**WHAT IS NEEDED**. Every line from the one containing "Some of the text" to the final line of the material below must be reproduced exactly; leave out all other lines.

########

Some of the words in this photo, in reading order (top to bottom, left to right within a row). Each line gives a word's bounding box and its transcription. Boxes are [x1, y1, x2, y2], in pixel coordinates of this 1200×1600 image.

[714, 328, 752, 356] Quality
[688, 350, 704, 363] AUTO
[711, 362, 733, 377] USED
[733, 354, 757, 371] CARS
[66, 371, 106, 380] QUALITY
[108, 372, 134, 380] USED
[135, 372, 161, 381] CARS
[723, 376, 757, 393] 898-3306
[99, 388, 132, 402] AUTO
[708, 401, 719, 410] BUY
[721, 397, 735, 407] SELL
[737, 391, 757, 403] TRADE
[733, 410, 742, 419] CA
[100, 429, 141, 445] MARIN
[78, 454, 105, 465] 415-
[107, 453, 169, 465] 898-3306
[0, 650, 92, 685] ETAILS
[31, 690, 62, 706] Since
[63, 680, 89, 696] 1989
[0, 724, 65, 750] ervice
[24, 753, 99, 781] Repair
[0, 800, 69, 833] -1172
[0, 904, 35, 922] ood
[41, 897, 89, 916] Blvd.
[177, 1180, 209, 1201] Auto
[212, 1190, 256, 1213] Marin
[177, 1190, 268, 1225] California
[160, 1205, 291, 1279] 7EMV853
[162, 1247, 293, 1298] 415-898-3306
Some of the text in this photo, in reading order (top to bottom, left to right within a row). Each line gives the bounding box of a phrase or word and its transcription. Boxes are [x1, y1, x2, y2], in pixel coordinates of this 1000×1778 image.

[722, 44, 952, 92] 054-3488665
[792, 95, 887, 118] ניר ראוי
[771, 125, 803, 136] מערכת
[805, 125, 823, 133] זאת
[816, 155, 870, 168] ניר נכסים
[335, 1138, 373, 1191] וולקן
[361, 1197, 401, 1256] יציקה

########

**EXERCISE OUTPUT**.
Some of the text in this photo, in reading order (top to bottom, left to right within a row). Each line gives the bounding box of a phrase or word and its transcription. Boxes are [x1, y1, x2, y2], in pixel coordinates of this 1000×1778 image.

[722, 44, 952, 92] 054-3488665
[792, 95, 887, 118] ניר ראוי
[771, 125, 803, 136] מערכת
[805, 125, 823, 133] זאת
[816, 155, 870, 168] ניר נכסים
[335, 1138, 373, 1191] וולקן
[361, 1197, 401, 1256] יציקה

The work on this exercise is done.